Every record below needs to be set down exactly. Pictures do not belong in the copy.

-- Given information follows --

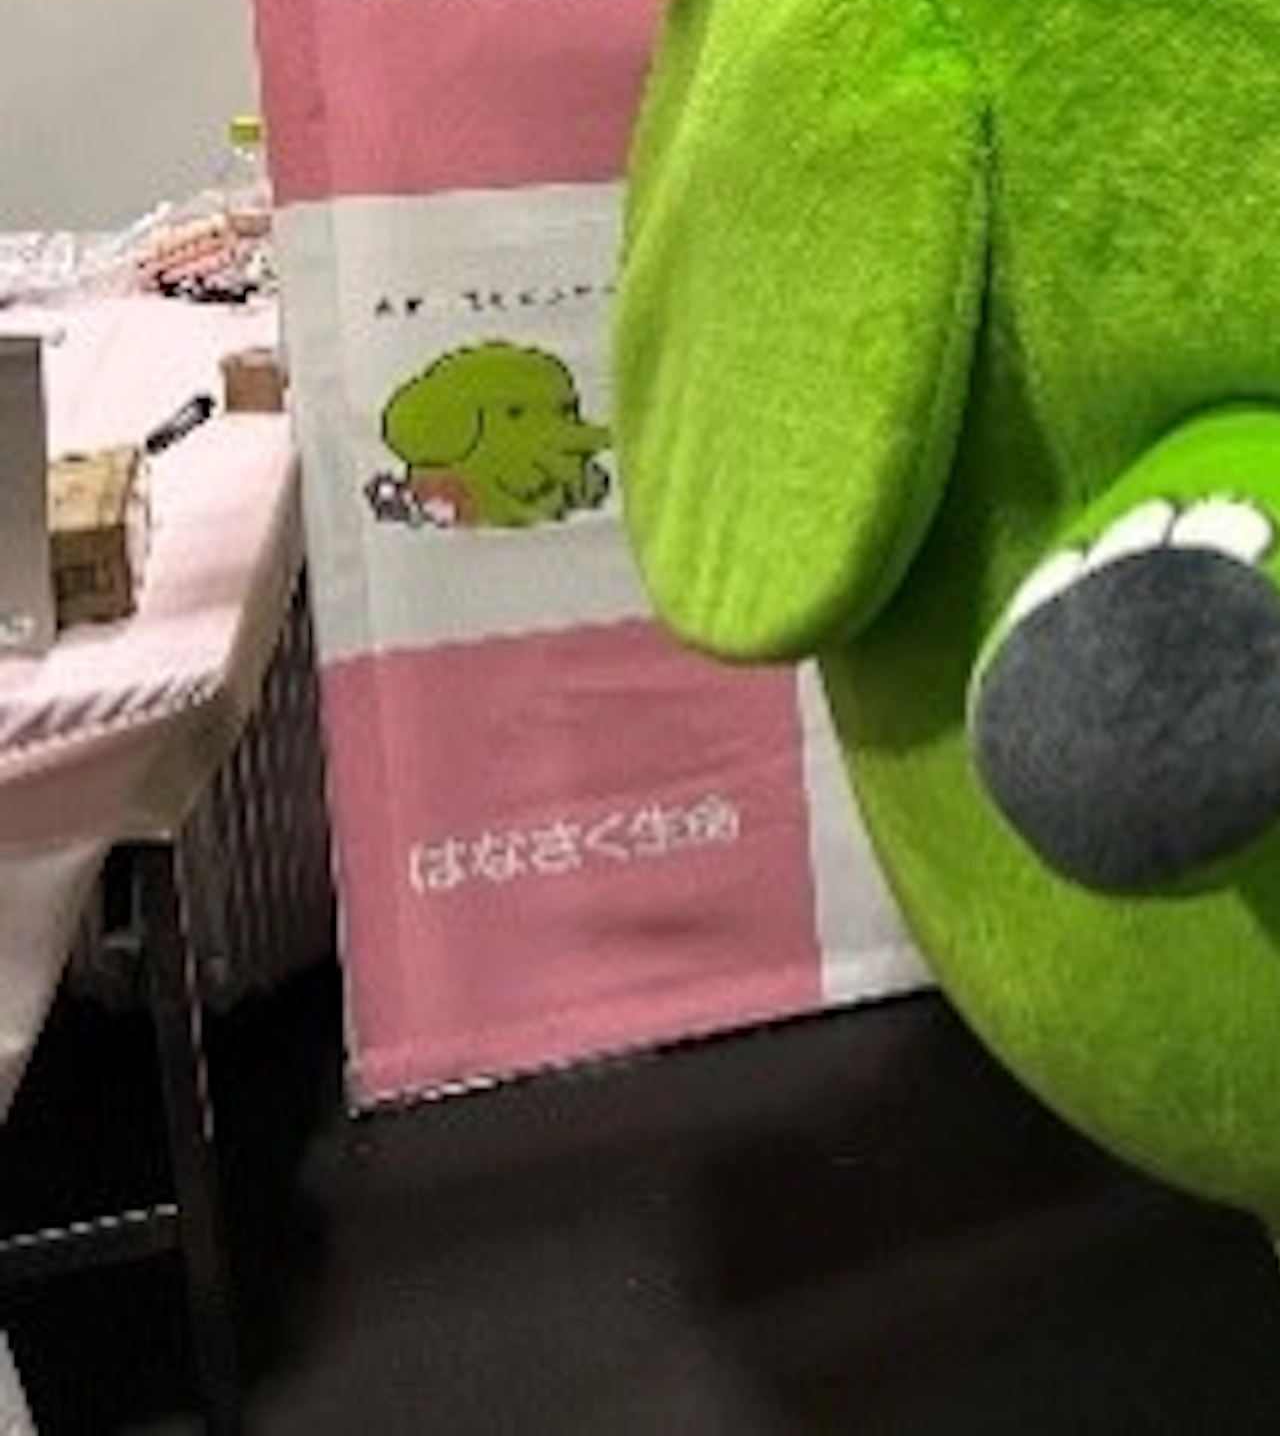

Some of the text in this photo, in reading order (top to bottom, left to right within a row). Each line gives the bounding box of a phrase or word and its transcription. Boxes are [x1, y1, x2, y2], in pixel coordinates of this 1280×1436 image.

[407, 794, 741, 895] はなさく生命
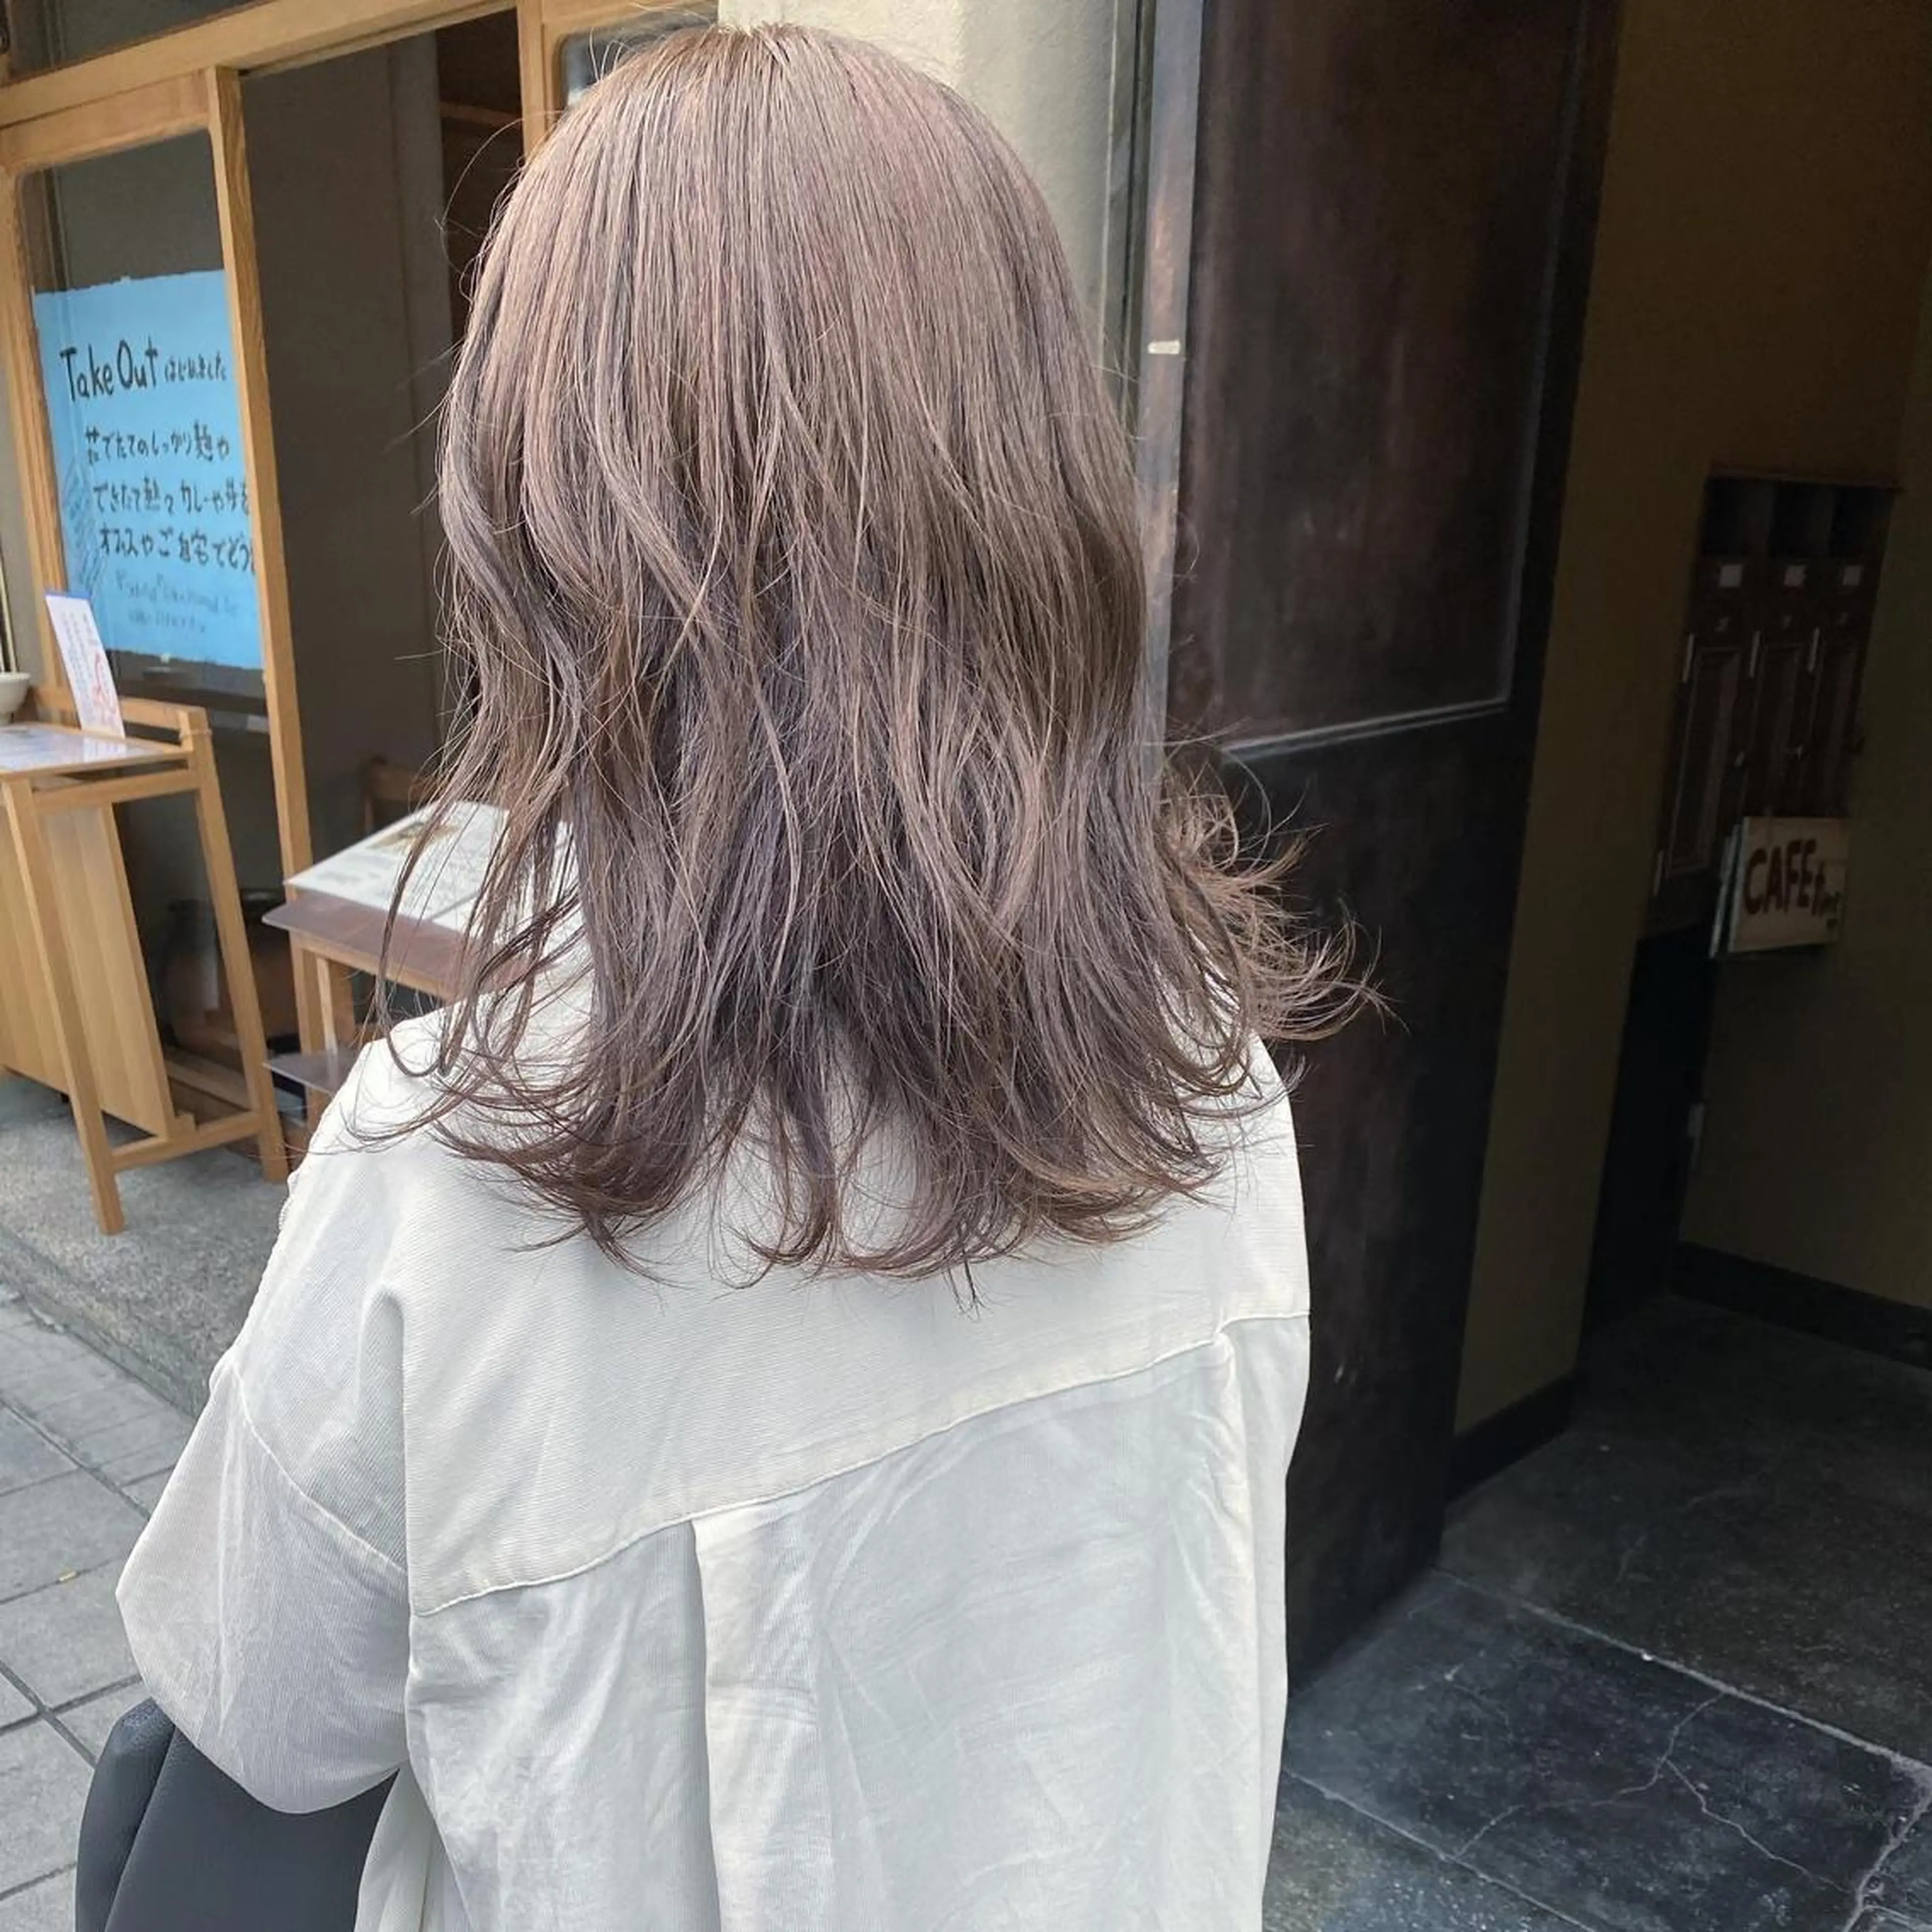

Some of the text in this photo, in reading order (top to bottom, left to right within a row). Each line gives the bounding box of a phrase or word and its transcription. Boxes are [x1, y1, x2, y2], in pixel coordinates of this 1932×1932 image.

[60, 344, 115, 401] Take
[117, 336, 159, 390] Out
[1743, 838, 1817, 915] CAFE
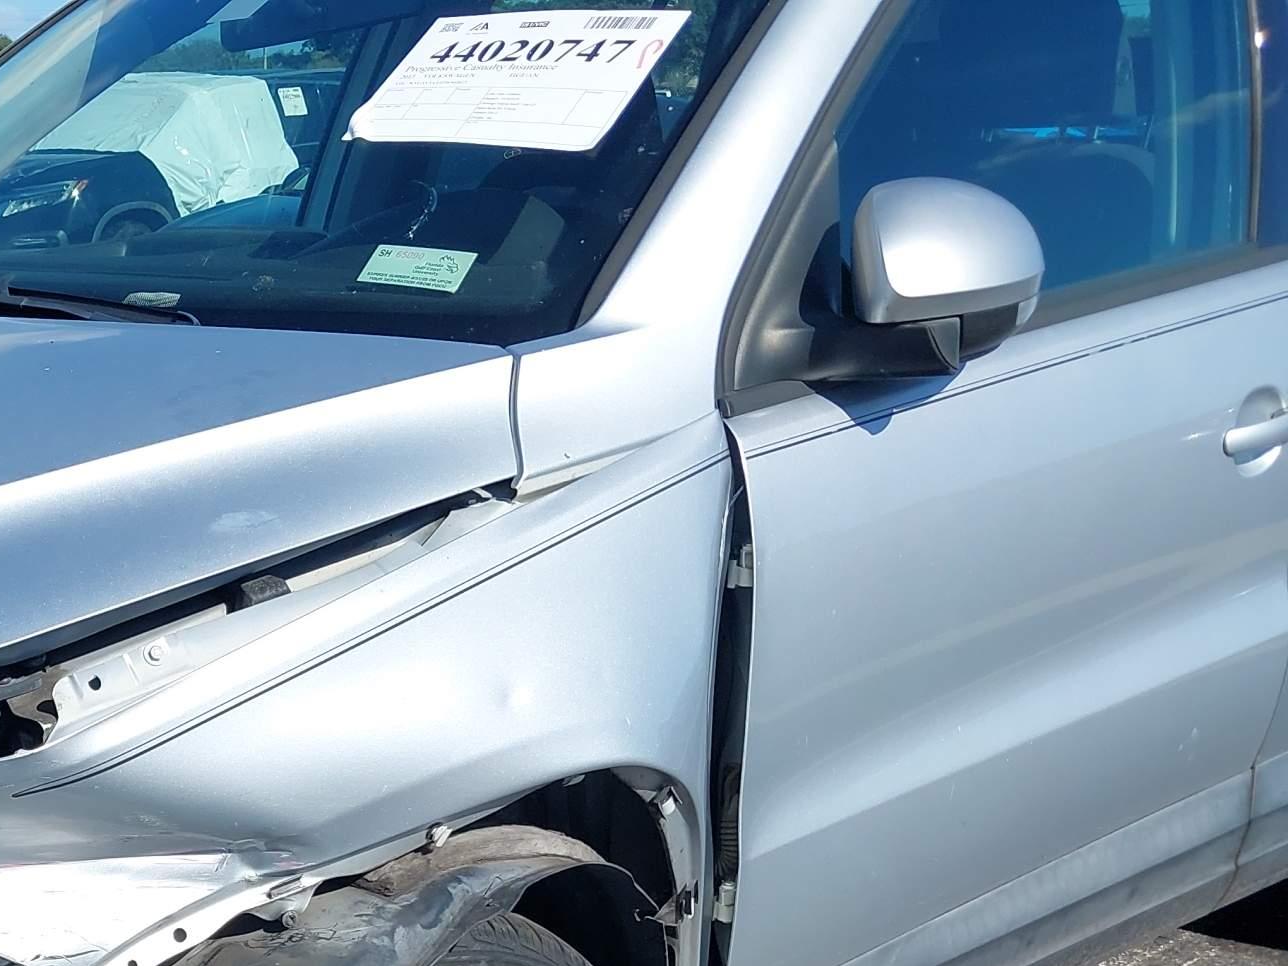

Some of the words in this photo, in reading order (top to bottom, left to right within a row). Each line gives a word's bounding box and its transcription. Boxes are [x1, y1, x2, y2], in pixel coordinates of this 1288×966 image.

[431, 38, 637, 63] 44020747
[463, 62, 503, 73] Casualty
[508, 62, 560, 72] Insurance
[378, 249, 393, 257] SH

-- Given information concluded --

> [Result of this task]:
Some of the text in this photo, in reading order (top to bottom, left to right within a row). Each line gives the bounding box of a phrase or word and its transcription. Boxes are [x1, y1, x2, y2], in pixel coordinates of this 1280×1436 image.

[407, 794, 741, 895] はなさく生命

Some of the text in this photo, in reading order (top to bottom, left to right within a row). Each line gives the bounding box of a phrase or word and its transcription. Boxes are [x1, y1, x2, y2], in pixel coordinates of this 1932×1932 image.

[60, 344, 115, 401] Take
[117, 336, 159, 390] Out
[1743, 838, 1817, 915] CAFE

Some of the words in this photo, in reading order (top to bottom, left to right within a row). Each line gives a word's bounding box and its transcription. Boxes are [x1, y1, x2, y2], in pixel coordinates of this 1288×966 image.

[431, 38, 637, 63] 44020747
[463, 62, 503, 73] Casualty
[508, 62, 560, 72] Insurance
[378, 249, 393, 257] SH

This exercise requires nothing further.